Everything in the records must be copied exactly except the pictures.

*** Dataset ***

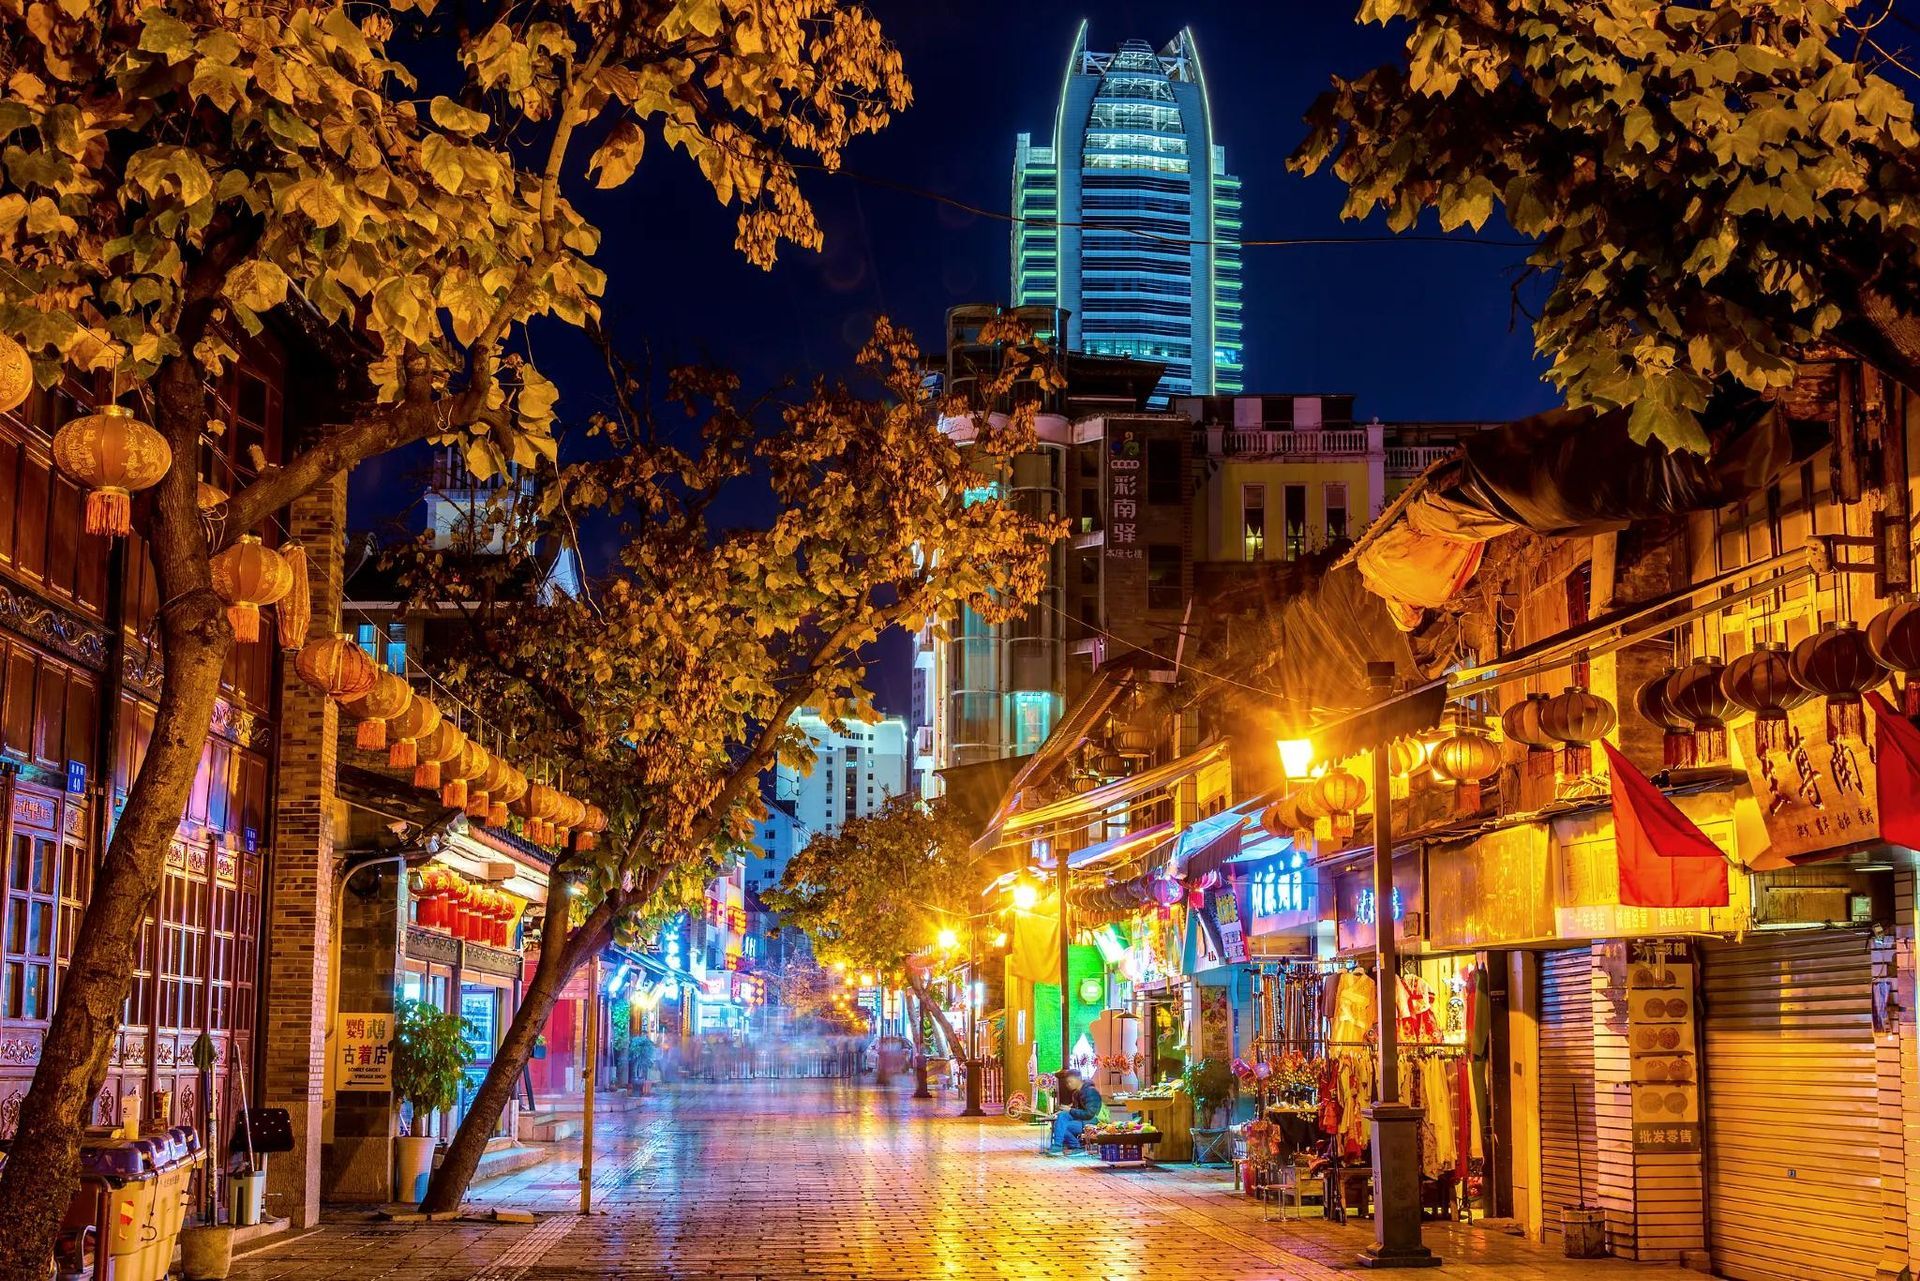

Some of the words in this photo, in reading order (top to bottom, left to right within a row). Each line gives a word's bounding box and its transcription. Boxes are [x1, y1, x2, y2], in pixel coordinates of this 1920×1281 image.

[1114, 475, 1137, 543] 彩南驿
[73, 777, 81, 792] 40
[343, 1045, 387, 1064] 古着店
[1639, 1129, 1692, 1144] 批发零售

*** End of Dataset ***

Response for this exercise >>
Some of the words in this photo, in reading order (top to bottom, left to right within a row). Each line gives a word's bounding box and its transcription. Boxes are [x1, y1, x2, y2], in pixel coordinates of this 1920×1281 image.

[1114, 475, 1137, 543] 彩南驿
[73, 777, 81, 792] 40
[343, 1045, 387, 1064] 古着店
[1639, 1129, 1692, 1144] 批发零售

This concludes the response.